Memgraph will NOT automatically index labeled data. If you want to optimize queries that fetch nodes by label you need to perform the indexing.

CREATE INDEX ON :Person;

Retrieving nodes using this query is now much more efficient:

MATCH (n :Person) RETURN n;

You can also create indexes on data with a specific combination of label and property, hence the name label-property index.

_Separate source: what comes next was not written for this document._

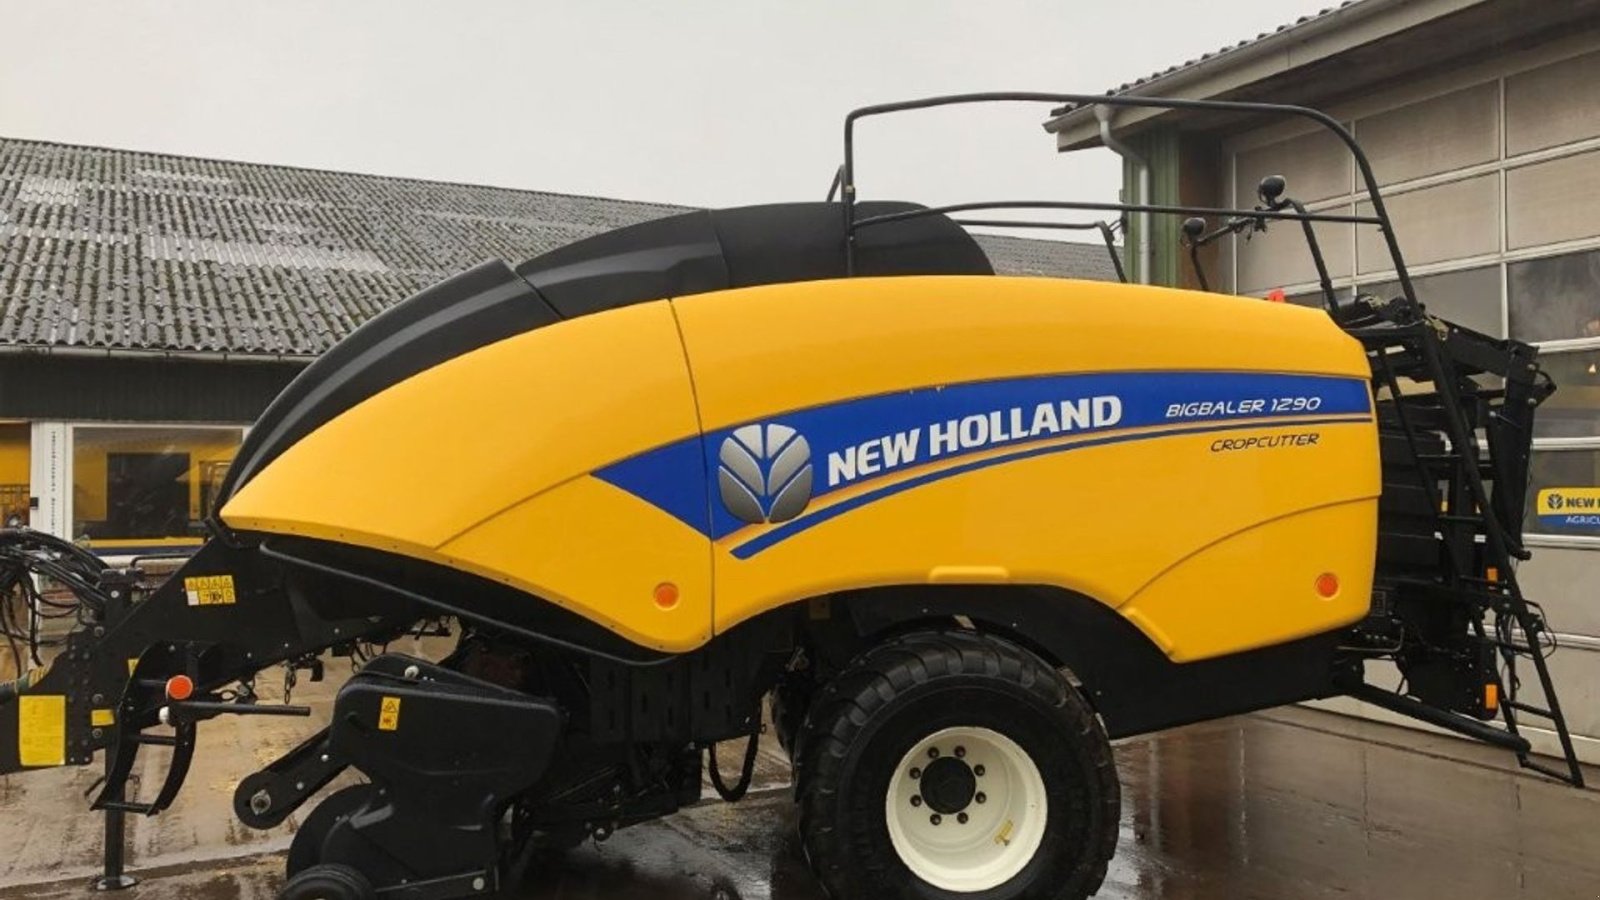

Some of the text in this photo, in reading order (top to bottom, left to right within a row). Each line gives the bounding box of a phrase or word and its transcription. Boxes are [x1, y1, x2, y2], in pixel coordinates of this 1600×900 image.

[1165, 397, 1321, 417] BIGBALER 1290
[828, 395, 1122, 487] NEW HOLLAND
[1211, 433, 1320, 452] CROPCUTTER
[1566, 497, 1595, 508] NEW

For example, if you are storing information about people and you often retrieve their age, it might be beneficial to create an index on nodes labeled as :Person with a property named age by using the following language construct:

CREATE INDEX ON :Person(age);

After creating that index, queries will be more efficient because Memgraph's query engine will not have to fetch each :Person node and check whether the property exists. Even if all nodes labeled as :Person have an age property, creating an index can still be beneficial because entries within the index are sorted by property value. By creating a label-property index, queries similar to this one will be more efficient:

MATCH (n :Person {age: 42}) RETURN n;

Indexing is also beneficial for simple queries that filter data with a WHERE clause:

MATCH (n) WHERE n:Person AND n.age = 42 RETURN n;

Bear in mind that WHERE filters could contain arbitrarily complex expressions and index based retrieval might not be used. Nevertheless, we are continually improving our index usage recognition algorithms.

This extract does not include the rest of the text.